Now, as you should know, uncooked chicken and the human intestine do not a happy couple make. When wed, they have a tendency to bring a pair of unwanted guests along on the honeymoon. The first of these made his appearance felt around 3am, when a speedy liquid release was required from the lower portals, if you get my drift. Bright and early next morning came Lady Projectile Vomit and her cheery attendants, insufferable stomach cramps and all-pervasive debilitating weakness. Huzzah!
Now, as I ran to the khazi crying tears of pain and wondering which end to put over the toilet bowl, I did at first think I had contracted the dreaded influenza, which would have been mightily ironic, since just the night before I had been waxing lyrical on the subject of the all-conquering Tamiflu jab I’d had to ward off the dread malady.
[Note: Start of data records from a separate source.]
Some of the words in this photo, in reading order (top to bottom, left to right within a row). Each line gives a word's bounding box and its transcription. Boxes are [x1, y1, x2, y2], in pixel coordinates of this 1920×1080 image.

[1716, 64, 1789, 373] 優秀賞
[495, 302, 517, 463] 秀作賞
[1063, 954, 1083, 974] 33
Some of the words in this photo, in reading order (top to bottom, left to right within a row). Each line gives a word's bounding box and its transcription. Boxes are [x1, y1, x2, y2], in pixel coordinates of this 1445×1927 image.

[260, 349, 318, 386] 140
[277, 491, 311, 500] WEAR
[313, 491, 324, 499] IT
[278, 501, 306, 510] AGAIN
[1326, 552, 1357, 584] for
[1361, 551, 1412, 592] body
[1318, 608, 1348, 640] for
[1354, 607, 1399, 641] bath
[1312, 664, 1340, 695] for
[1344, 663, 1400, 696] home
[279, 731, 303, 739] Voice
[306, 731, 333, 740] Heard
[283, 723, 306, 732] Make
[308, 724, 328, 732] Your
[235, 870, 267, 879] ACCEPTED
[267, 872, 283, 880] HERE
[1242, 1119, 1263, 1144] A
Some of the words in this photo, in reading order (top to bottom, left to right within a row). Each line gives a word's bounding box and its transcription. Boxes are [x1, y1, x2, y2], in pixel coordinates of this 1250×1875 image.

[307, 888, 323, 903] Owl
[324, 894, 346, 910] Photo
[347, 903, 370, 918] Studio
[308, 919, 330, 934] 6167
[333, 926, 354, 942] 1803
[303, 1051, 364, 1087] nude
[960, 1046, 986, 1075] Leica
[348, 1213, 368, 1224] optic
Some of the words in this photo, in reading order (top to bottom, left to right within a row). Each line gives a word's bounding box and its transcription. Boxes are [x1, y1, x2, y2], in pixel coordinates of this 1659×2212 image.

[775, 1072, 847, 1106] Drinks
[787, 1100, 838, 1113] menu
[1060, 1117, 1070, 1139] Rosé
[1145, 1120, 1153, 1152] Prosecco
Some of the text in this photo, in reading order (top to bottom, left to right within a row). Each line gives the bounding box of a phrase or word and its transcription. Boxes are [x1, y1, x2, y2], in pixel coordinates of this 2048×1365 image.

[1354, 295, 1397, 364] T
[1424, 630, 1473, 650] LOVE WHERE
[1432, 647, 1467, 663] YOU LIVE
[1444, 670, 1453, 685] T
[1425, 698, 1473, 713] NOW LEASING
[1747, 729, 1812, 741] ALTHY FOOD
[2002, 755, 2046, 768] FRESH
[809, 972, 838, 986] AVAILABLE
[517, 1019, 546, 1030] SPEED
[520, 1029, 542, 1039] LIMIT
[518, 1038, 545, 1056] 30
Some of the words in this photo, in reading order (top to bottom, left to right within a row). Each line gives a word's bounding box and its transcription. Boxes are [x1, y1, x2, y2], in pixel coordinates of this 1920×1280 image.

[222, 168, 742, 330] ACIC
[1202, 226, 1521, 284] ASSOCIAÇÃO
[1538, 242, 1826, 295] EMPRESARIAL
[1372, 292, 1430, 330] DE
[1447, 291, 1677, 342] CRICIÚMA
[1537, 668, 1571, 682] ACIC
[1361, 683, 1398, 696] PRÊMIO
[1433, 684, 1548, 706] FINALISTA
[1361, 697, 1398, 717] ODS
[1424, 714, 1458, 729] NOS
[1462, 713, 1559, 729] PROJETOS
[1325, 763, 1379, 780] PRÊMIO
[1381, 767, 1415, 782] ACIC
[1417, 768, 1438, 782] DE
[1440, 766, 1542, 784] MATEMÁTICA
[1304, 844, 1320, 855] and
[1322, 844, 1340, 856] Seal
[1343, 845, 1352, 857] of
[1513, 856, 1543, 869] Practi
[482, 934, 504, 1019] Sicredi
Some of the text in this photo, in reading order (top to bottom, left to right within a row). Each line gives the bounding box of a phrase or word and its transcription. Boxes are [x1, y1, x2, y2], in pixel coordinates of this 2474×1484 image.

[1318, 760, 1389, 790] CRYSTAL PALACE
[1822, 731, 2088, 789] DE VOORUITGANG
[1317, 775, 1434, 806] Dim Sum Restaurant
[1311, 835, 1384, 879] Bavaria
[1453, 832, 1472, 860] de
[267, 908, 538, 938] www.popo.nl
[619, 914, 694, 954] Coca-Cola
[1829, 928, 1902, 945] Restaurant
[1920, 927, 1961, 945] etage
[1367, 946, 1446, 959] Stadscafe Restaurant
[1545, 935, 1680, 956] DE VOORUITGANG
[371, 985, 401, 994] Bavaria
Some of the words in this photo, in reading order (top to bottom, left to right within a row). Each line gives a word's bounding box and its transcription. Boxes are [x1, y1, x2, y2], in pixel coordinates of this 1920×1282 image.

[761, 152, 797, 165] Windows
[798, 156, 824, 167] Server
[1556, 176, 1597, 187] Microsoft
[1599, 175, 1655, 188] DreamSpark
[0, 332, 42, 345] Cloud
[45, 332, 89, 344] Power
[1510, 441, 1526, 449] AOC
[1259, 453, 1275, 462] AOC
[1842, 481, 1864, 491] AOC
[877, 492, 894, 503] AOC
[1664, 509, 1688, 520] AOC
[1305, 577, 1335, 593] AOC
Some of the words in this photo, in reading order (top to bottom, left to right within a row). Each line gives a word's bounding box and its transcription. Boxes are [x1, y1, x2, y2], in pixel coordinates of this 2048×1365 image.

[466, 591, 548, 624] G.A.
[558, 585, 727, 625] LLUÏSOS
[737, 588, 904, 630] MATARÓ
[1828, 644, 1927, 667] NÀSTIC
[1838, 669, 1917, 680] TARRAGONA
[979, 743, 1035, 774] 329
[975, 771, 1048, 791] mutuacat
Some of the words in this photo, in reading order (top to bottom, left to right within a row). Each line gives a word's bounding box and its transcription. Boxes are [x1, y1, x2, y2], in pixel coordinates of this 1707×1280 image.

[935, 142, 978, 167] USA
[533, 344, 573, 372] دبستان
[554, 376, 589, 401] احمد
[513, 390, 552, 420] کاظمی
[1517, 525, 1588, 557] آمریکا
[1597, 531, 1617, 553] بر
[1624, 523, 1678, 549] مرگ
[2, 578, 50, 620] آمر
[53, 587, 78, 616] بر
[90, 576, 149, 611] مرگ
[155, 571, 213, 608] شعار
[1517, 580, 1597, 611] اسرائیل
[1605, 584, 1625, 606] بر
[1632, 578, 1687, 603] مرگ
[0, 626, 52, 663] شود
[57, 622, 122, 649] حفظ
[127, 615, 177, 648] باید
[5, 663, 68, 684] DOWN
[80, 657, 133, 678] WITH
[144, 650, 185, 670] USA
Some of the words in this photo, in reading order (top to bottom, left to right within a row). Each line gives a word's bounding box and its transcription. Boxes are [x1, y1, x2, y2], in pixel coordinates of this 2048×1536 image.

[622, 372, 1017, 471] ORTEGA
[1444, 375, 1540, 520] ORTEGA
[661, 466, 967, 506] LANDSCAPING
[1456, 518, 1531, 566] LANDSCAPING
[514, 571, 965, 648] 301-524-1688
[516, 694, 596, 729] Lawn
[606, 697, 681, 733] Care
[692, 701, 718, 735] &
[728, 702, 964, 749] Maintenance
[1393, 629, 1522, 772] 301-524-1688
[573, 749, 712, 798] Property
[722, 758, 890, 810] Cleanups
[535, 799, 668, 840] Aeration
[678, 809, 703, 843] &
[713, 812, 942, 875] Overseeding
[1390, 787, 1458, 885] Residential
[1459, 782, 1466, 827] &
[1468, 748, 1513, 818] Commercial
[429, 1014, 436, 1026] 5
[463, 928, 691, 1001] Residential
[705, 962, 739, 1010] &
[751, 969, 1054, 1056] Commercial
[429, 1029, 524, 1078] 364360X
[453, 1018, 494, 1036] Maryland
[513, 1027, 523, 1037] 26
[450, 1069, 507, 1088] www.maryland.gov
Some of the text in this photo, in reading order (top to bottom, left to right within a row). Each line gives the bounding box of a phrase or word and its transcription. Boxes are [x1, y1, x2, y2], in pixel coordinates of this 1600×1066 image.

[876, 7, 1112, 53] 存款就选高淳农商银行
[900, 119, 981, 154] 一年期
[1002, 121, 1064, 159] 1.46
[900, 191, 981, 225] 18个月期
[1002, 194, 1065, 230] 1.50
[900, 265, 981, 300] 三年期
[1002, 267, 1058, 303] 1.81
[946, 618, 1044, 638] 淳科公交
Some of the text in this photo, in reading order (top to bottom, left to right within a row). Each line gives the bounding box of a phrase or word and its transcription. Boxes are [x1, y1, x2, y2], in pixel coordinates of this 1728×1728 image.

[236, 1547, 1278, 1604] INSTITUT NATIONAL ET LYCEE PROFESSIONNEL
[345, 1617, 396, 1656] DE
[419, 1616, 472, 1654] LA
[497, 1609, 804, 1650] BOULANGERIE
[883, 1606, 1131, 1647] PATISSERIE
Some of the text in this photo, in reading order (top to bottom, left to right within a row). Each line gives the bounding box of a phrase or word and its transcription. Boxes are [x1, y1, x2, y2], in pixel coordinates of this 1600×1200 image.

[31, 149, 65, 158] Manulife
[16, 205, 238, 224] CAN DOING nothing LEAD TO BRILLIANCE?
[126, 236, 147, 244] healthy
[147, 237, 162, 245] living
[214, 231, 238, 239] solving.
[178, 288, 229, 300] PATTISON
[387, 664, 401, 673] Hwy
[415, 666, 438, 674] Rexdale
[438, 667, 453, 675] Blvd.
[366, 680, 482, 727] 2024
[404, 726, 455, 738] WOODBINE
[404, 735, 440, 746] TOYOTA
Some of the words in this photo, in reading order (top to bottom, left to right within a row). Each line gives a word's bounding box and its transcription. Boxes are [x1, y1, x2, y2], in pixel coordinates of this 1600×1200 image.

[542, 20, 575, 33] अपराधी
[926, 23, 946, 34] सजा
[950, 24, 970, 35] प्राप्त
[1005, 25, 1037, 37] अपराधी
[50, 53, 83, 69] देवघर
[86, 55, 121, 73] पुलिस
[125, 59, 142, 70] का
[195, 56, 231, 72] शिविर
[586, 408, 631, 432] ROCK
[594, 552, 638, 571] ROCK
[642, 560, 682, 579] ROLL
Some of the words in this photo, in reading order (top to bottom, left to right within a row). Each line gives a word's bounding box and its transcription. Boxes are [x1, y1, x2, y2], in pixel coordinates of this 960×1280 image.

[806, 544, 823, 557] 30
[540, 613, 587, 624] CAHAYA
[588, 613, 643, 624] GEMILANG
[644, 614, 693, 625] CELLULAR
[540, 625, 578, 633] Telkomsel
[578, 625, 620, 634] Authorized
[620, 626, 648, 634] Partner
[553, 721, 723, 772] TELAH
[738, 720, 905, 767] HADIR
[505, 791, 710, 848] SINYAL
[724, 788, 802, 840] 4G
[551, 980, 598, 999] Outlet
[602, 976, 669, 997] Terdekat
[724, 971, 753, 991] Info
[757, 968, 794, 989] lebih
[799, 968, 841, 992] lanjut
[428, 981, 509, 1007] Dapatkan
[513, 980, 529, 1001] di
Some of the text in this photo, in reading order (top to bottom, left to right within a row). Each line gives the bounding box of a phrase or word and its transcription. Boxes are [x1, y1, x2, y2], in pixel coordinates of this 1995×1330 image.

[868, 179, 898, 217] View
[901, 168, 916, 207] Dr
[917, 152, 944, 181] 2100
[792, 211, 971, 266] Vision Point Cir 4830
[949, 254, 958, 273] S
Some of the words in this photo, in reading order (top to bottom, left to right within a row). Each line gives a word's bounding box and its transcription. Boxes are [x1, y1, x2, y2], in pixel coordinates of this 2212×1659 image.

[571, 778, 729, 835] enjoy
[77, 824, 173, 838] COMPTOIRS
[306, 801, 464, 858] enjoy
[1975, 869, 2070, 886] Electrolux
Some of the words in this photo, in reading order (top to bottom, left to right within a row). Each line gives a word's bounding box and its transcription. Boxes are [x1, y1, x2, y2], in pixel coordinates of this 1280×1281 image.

But no, later eye-witness testimony to my kitchen gaffes and the relative short duration of the unpleasantness (3 days) confirm it as nothing less than a dose of the old salmonella.

Some salmonella, yesterday
Well, that put paid to the three day weekend, and also any attempts to begin learning the Romans. In fact, I completely forgot about it until mid-week. Now your Williams Nerd had been citing various fancy-schmancy methods for memorising things, but you know what? I had the names all down in an hour and could slot the dates in about twenty minutes later, et voila (or whatever that would be in Latin).
Now the modern trend in education no doubt eschews the learning by rote of lists of things, and I too was of the same opinion, but suddenly having this chronological framework internalised allows me to make sense of the whole period. Think of it this way: imagine you’re in Tokyo and you only ever use the subway. You become familiar with some of the locales where you emerge, but you can never get an appreciation of the layout of the whole city without actually walking it on the surface. See?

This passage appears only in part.